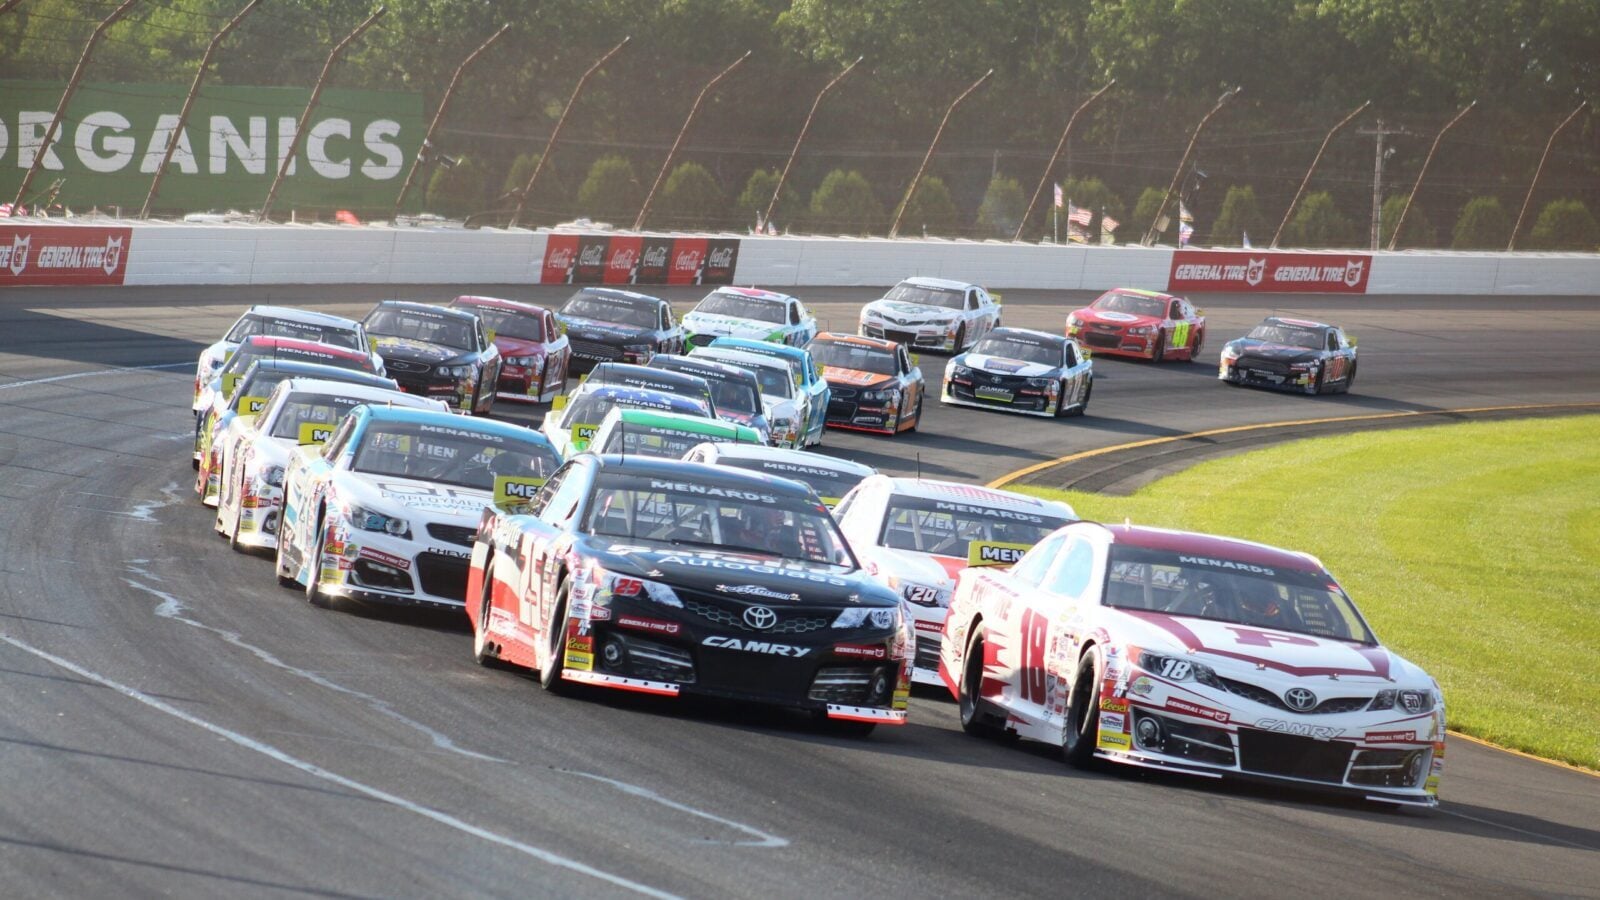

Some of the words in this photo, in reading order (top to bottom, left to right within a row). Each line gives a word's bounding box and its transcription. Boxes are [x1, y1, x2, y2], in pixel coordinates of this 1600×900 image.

[0, 110, 404, 181] RGANICS
[38, 246, 82, 268] GENERAL
[82, 246, 106, 268] TIRE
[1175, 264, 1221, 280] GENERAL
[1222, 265, 1247, 280] TIRE
[1274, 266, 1320, 282] GENERAL
[1321, 267, 1345, 282] TIRE
[277, 346, 334, 359] MENARDS
[680, 366, 727, 379] MENARDS
[616, 398, 672, 411] MENARDS
[420, 425, 504, 444] MENARDS
[650, 427, 733, 444] MENARDS
[763, 462, 840, 478] MENARDS
[651, 481, 777, 504] MENARDS
[936, 502, 1043, 524] MENARDS
[360, 549, 386, 560] GENERAL
[658, 555, 847, 587] AutoGlass
[1179, 555, 1276, 576] MENARDS
[614, 579, 643, 596] 25
[910, 586, 938, 602] 20
[619, 618, 649, 628] GENERAL
[649, 622, 666, 630] TIRE
[702, 636, 811, 658] CAMRY
[835, 647, 861, 655] GENERAL
[1021, 607, 1049, 705] 18
[1161, 659, 1191, 680] 18
[1167, 700, 1198, 714] GENERAL
[1199, 708, 1215, 718] TIRE
[1254, 717, 1347, 739] CAMRY
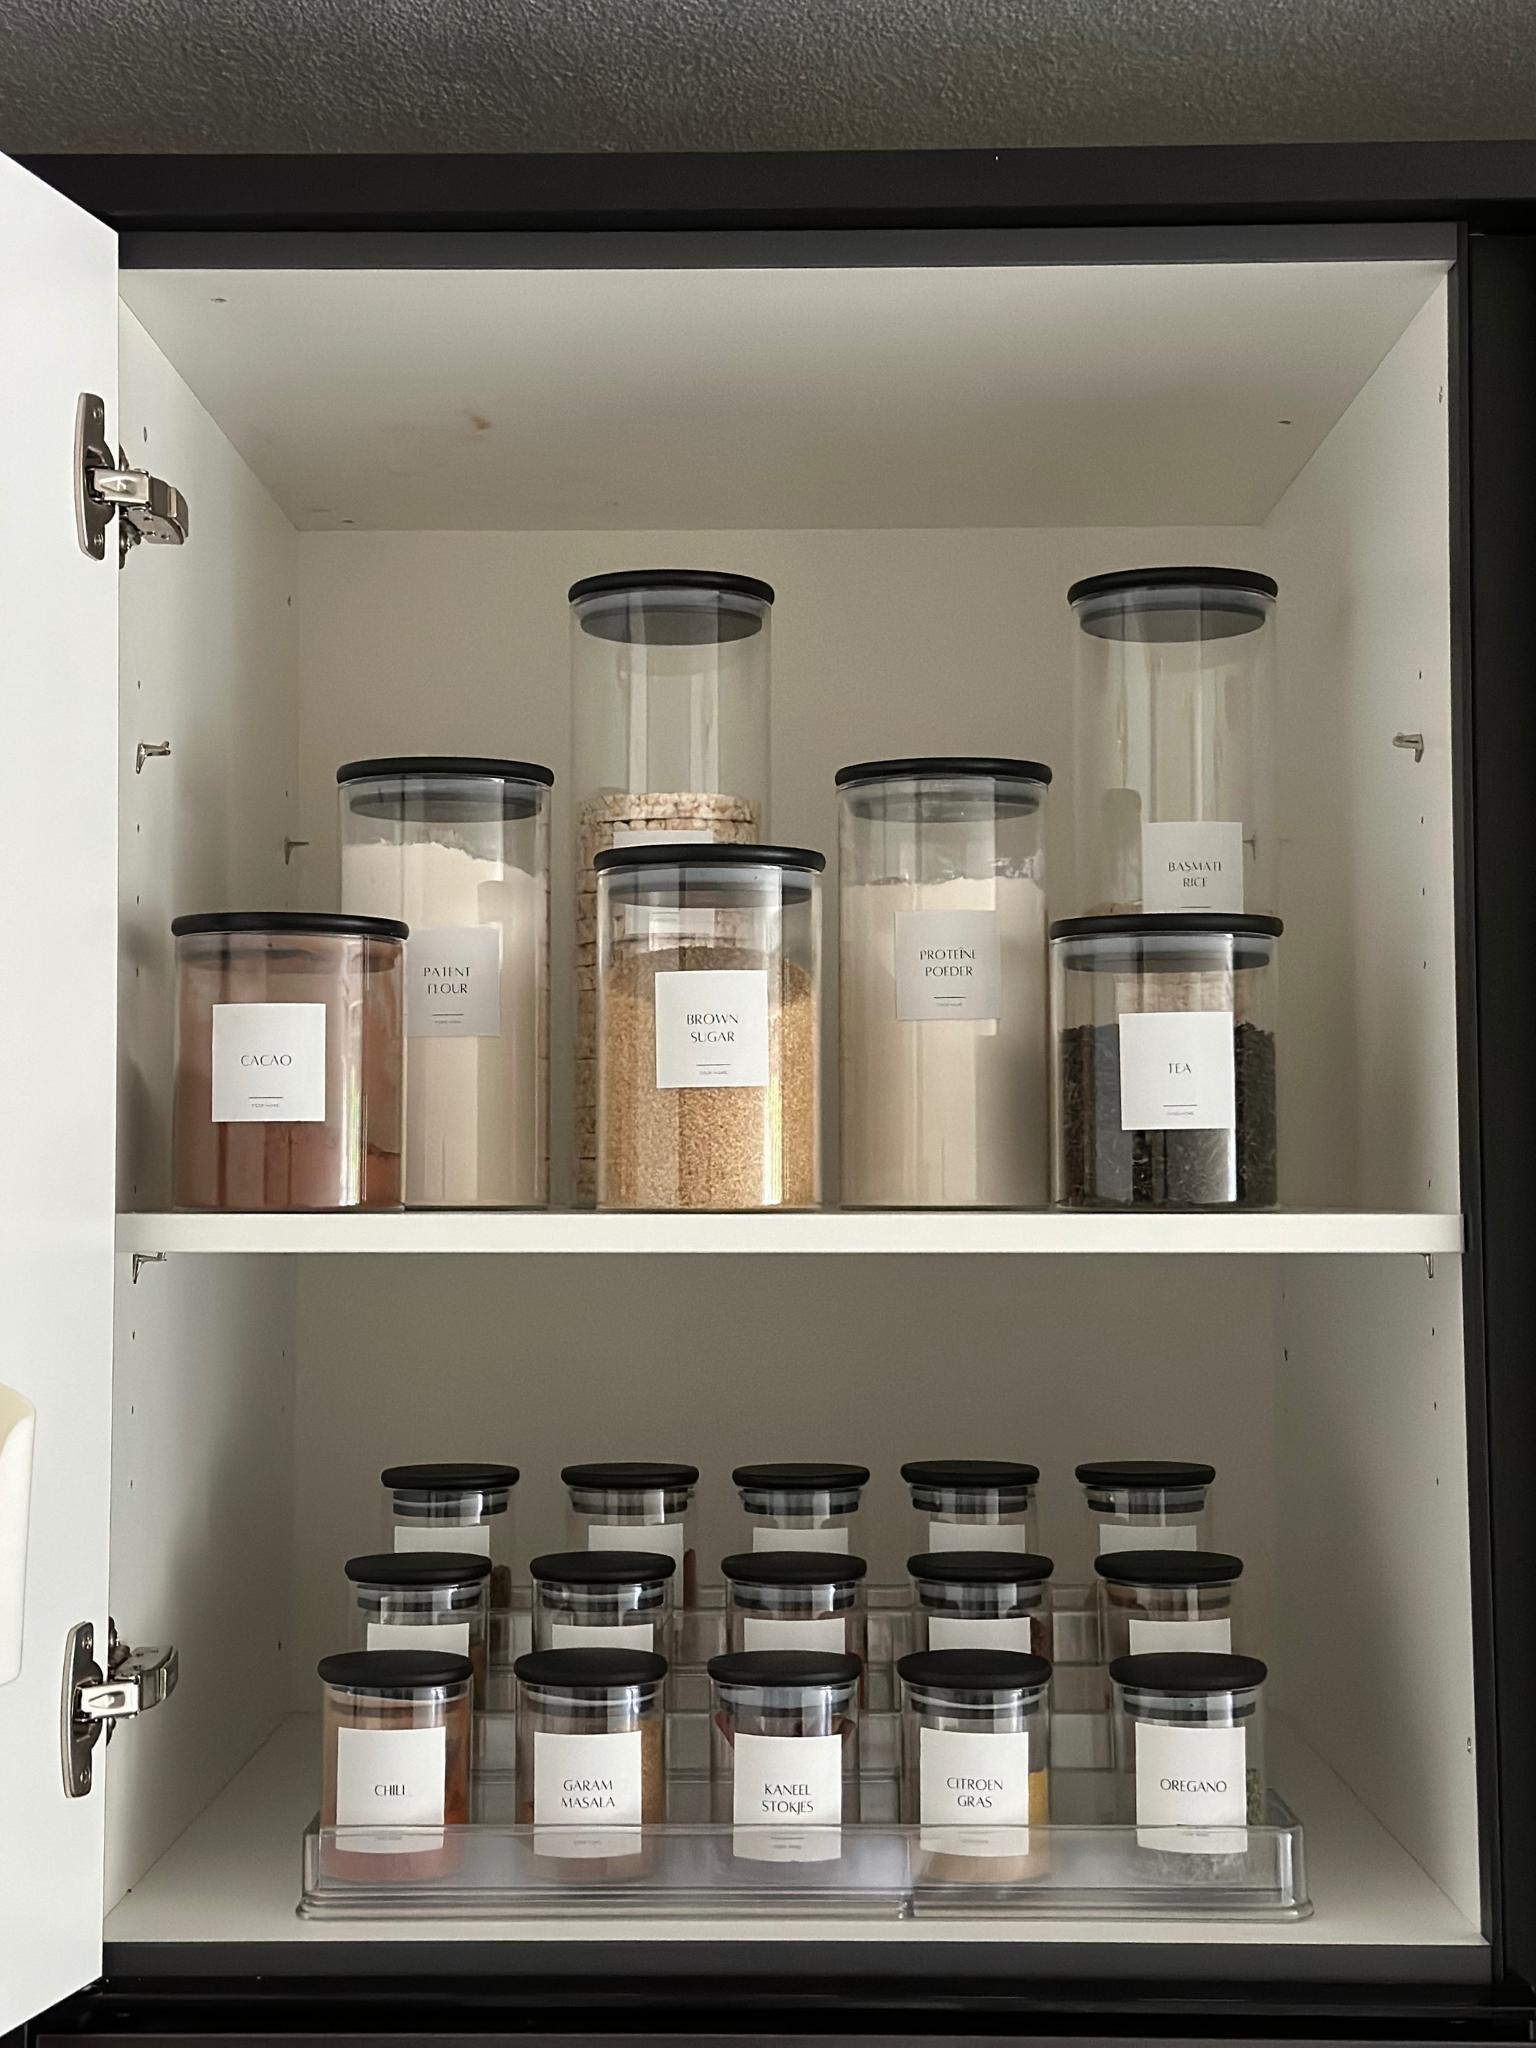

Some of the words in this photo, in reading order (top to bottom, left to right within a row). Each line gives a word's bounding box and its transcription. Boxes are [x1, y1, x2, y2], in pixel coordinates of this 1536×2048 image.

[1169, 862, 1222, 873] BASMATI
[1182, 877, 1208, 888] RICE
[423, 967, 471, 977] PATENT
[925, 965, 973, 977] POEDER
[428, 983, 468, 995] FLOUR
[687, 1013, 738, 1026] BROWN
[691, 1031, 735, 1044] SUGAR
[241, 1055, 292, 1067] CACAO
[1168, 1063, 1192, 1075] TEA
[375, 1784, 406, 1797] CHILI
[563, 1780, 613, 1793] GARAM
[765, 1783, 811, 1797] KANEEL
[946, 1777, 1004, 1792] CITROEN
[1160, 1779, 1228, 1793] OREGANO
[561, 1796, 616, 1810] MASALA
[762, 1799, 814, 1815] STOKJES
[957, 1795, 993, 1809] GRAS
──────
(Your goal)
The listing above is to be retyped exactly, with all pictures left out.

(Exercise solution)
Some of the words in this photo, in reading order (top to bottom, left to right within a row). Each line gives a word's bounding box and its transcription. Boxes are [x1, y1, x2, y2], in pixel coordinates of this 1600×900 image.

[0, 110, 404, 181] RGANICS
[38, 246, 82, 268] GENERAL
[82, 246, 106, 268] TIRE
[1175, 264, 1221, 280] GENERAL
[1222, 265, 1247, 280] TIRE
[1274, 266, 1320, 282] GENERAL
[1321, 267, 1345, 282] TIRE
[277, 346, 334, 359] MENARDS
[680, 366, 727, 379] MENARDS
[616, 398, 672, 411] MENARDS
[420, 425, 504, 444] MENARDS
[650, 427, 733, 444] MENARDS
[763, 462, 840, 478] MENARDS
[651, 481, 777, 504] MENARDS
[936, 502, 1043, 524] MENARDS
[360, 549, 386, 560] GENERAL
[658, 555, 847, 587] AutoGlass
[1179, 555, 1276, 576] MENARDS
[614, 579, 643, 596] 25
[910, 586, 938, 602] 20
[619, 618, 649, 628] GENERAL
[649, 622, 666, 630] TIRE
[702, 636, 811, 658] CAMRY
[835, 647, 861, 655] GENERAL
[1021, 607, 1049, 705] 18
[1161, 659, 1191, 680] 18
[1167, 700, 1198, 714] GENERAL
[1199, 708, 1215, 718] TIRE
[1254, 717, 1347, 739] CAMRY

Some of the words in this photo, in reading order (top to bottom, left to right within a row). Each line gives a word's bounding box and its transcription. Boxes are [x1, y1, x2, y2], in pixel coordinates of this 1536×2048 image.

[1169, 862, 1222, 873] BASMATI
[1182, 877, 1208, 888] RICE
[423, 967, 471, 977] PATENT
[925, 965, 973, 977] POEDER
[428, 983, 468, 995] FLOUR
[687, 1013, 738, 1026] BROWN
[691, 1031, 735, 1044] SUGAR
[241, 1055, 292, 1067] CACAO
[1168, 1063, 1192, 1075] TEA
[375, 1784, 406, 1797] CHILI
[563, 1780, 613, 1793] GARAM
[765, 1783, 811, 1797] KANEEL
[946, 1777, 1004, 1792] CITROEN
[1160, 1779, 1228, 1793] OREGANO
[561, 1796, 616, 1810] MASALA
[762, 1799, 814, 1815] STOKJES
[957, 1795, 993, 1809] GRAS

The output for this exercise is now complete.